*** Begin section ***
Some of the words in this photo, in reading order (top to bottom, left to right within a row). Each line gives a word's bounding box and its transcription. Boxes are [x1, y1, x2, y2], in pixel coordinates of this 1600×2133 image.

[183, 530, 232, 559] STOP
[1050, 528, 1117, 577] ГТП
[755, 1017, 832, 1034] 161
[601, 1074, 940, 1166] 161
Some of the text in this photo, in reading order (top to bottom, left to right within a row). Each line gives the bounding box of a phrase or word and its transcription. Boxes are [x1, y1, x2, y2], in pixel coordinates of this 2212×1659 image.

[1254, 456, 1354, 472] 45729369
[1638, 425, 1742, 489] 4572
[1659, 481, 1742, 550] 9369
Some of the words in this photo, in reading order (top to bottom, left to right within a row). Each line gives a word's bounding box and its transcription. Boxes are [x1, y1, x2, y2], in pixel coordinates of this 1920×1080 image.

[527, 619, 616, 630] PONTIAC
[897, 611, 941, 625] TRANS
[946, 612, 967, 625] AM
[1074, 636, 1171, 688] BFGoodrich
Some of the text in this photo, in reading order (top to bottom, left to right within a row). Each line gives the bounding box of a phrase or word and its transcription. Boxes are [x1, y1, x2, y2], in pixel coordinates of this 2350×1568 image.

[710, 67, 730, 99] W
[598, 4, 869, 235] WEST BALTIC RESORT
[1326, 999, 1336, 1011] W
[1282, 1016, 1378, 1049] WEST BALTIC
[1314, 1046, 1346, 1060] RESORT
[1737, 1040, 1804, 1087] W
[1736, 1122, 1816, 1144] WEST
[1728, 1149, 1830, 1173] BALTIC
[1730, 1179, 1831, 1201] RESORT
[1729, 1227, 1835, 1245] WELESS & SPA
*** End section ***
Starting at the line that contains "this 2350×1568 image.", transcribe every line through the last line of the entries above, exactly, and nothing else.

WRITTEN RESPONSE
Some of the text in this photo, in reading order (top to bottom, left to right within a row). Each line gives the bounding box of a phrase or word and its transcription. Boxes are [x1, y1, x2, y2], in pixel coordinates of this 2350×1568 image.

[710, 67, 730, 99] W
[598, 4, 869, 235] WEST BALTIC RESORT
[1326, 999, 1336, 1011] W
[1282, 1016, 1378, 1049] WEST BALTIC
[1314, 1046, 1346, 1060] RESORT
[1737, 1040, 1804, 1087] W
[1736, 1122, 1816, 1144] WEST
[1728, 1149, 1830, 1173] BALTIC
[1730, 1179, 1831, 1201] RESORT
[1729, 1227, 1835, 1245] WELESS & SPA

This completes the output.